In a way—a twisted and evil way, to be sure—the live on-air murders of WDBJ Channel 7 reporter Alison Parker and photojournalist Adam Ward on Wednesday morning, along with the wounding of local chamber of commerce official Vicki Gardner, amounted to former journalist Vester Lee Flanagan’s final television news package.
“That’s exactly right,” said CNN veteran Frank Sesno, professor of media and public affairs at George Washington University. “It’s the nightmare of a disgruntled employee with a gun, magnified by a camera and social media…The guy captured the whole thing and put it on social media, and made it his last will and testament and confessional.”
The toxic mixture of real-time mayhem and mass media is hardly a new phenomenon; there was, for instance, the 1974 live in-studio suicide by gunshot of troubled Sarasota, Florida, anchor Christine Chubbuck, and the 1987 on-camera suicide at a packed press conference—again, by gunshot—of scandal-plagued Pennsylvania state treasurer Budd Dwyer.
While those infamous incidents of the past were tragic, seemingly desperate, acts of self-loathing, the recent grisly beheading videos distributed by the Islamic State—and presented, creepily enough, with glossy production values and musical accompaniment—are somewhere on a similar continuum with a compelling video press release, perhaps the most extreme yet calculated iteration of cinematic story-telling skills.
Flanagan, a 41-year-old former local TV reporter—who went by the on-camera moniker “Bryce Williams” during his brief, unhappy employment at the Roanoke, Virginia, CBS affiliate, from which he was dismissed two years ago after multiple incidents of workplace rage—was arguably taking his cue from the Islamic State, practicing a perverted form of personal journalism when he fired a handgun at his victims as the station’s camera transmitted the horrific images to shocked viewers.
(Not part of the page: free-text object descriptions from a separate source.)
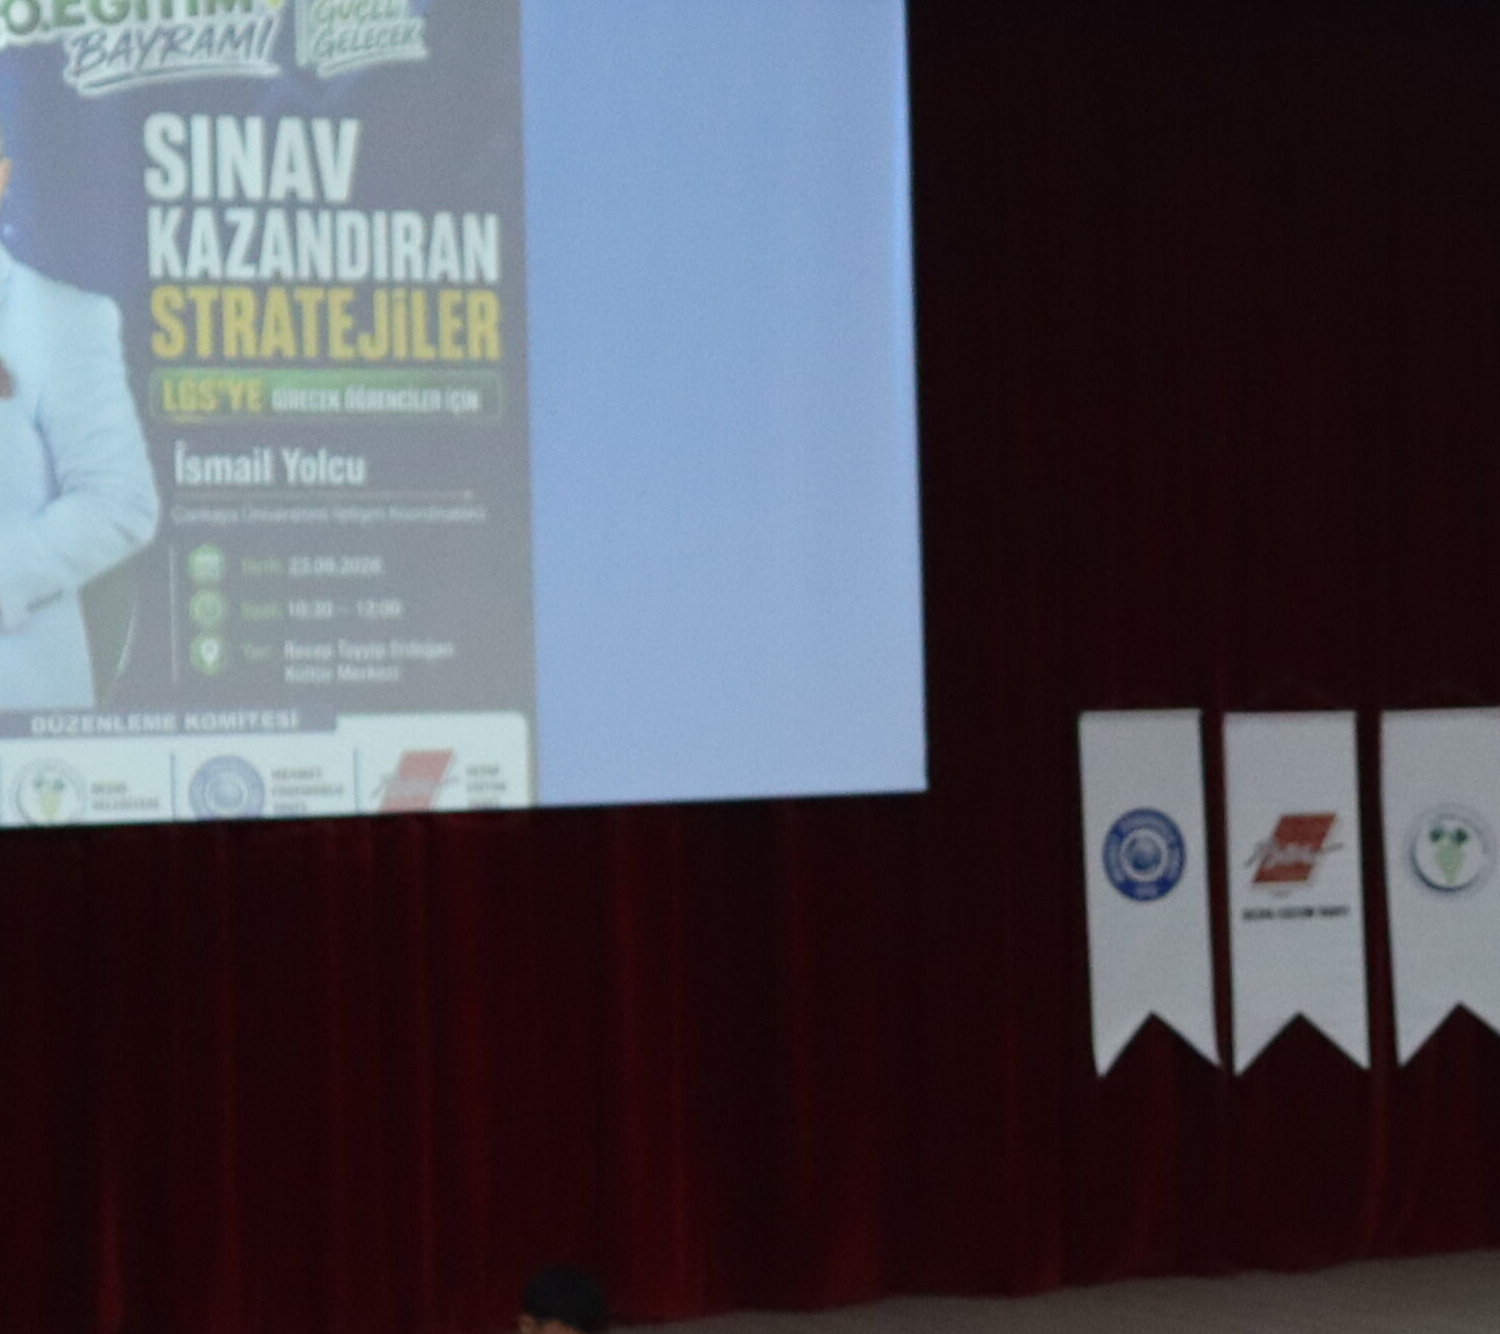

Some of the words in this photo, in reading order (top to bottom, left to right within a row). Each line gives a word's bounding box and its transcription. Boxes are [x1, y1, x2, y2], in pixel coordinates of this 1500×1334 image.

[71, 17, 275, 68] BAYRAMI
[143, 112, 359, 203] SINAV
[148, 206, 499, 284] KAZANDIRAN
[151, 285, 502, 360] STRATEJİLER
[174, 439, 273, 485] İsmail
[282, 447, 367, 485] Yolcu
[30, 712, 179, 735] DÜZENLEME
More to the point, Flanagan was wearing his own body-cam, with which he filmed point-of-view video of his cold-blooded act, and after fleeing the scene in the waterside town of Moneta, posted visual documentation of the carnage on Twitter and Facebook, along with disturbingly matter-of-fact commentary—apparently using his cellphone.
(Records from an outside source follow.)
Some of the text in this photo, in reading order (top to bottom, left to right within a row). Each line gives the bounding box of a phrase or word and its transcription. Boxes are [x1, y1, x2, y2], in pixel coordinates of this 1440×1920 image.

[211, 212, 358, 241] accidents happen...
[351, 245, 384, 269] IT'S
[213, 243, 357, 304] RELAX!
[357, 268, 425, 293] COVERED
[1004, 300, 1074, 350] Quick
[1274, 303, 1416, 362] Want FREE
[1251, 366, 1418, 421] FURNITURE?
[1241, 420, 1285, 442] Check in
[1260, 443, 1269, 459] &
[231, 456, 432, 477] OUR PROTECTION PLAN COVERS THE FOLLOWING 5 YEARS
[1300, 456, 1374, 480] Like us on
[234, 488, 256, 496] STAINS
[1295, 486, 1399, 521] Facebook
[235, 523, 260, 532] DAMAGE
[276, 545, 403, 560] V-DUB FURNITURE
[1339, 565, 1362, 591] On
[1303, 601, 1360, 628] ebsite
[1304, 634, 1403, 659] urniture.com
The social media sites quickly removed Flanagan’s posted “reports,” although not before images from the terrible POV video were widely circulated on various news sites.
And then, less than two hours after committing his crimes, which occurred around 6:45 a.m. during WDBJ’s local newscast, Flanagan faxed to ABC News a 23-page document—time-stamped 8:26 a.m.—that offered a deranged explanation for his horrific acts, claiming that they were in response to the racially motivated church massacre in Charleston, South Carolina.
Shortly after 10 a.m., Flanagan called ABC and acknowledged in a brief phone conversation that he’d murdered two people, and that the authorities were “after me” and “all over the place,” according to an account by ABC News reporters Pierre Thomas and Jack Cloherty.
Less than two hours after that, during a police chase up Virginia’s Interstate 66, he fatally shot himself.
Significantly, Flanagan—an African American who had reportedly filed formal complaints against the station after being let go, alleging racial and other discrimination—had initially contacted ABC’s news division identifying himself as Bryce Williams, a journalist with a hot tip.
He told ABC “he wanted to pitch a story, and wanted to fax information. He never told us what the story was,” stated the ABC News account.
“I’ve got to tell you, I worry about the signal this sends,” Sesno told The Daily Beast. “Unfortunately, this is all of a piece with the accessibility and availability of technology, such as what the Islamic State has done, turning their mass murders into beach-side horror shows.”
Sesno added: “What this demonstrates is that for the disturbed people who want to use images to disrupt or terrorize others, they have a very easy task now, and that ability and technology is in everybody’s hands.”
And unlike incidents of the past, in which editors and news directors could act as a responsible filter, the messages of both Islamic State and Flanagan (at least in the minutes before Facebook and Twitter scrubbed his postings) were directly viewable by the general public.
While TV outlets exercised restraint in not endlessly showing video of the on-air shootings, that video—with its soundtrack of screams—was easily available online.
Sesno, however, pointed out that unlike the Islamic State—which has successfully used violent video as a recruiting tool—Flanagan’s video package was the work “of a lone and disgruntled, horribly disturbed human being who did it as a last act of revenge.”
Not surprisingly, Flanagan’s crimes struck a raw nerve with people in the news biz; some of the cable anchors during Wednesday’s wall-to-wall coverage looked stricken, visibly struggling not to lose it. The story was uncomfortably close to home.
“There, but for the grace of God, go I,” said Fox News anchor Jon Scott, echoing the sentiments of many.
And yet, the news team at the grief-stricken home station of the 24-year-old Parker and 27-year-old Ward managed to keep their composure, and admirably displayed their professionalism, as they covered every aspect of the fast-moving story.
That, impressively, was journalism at its best.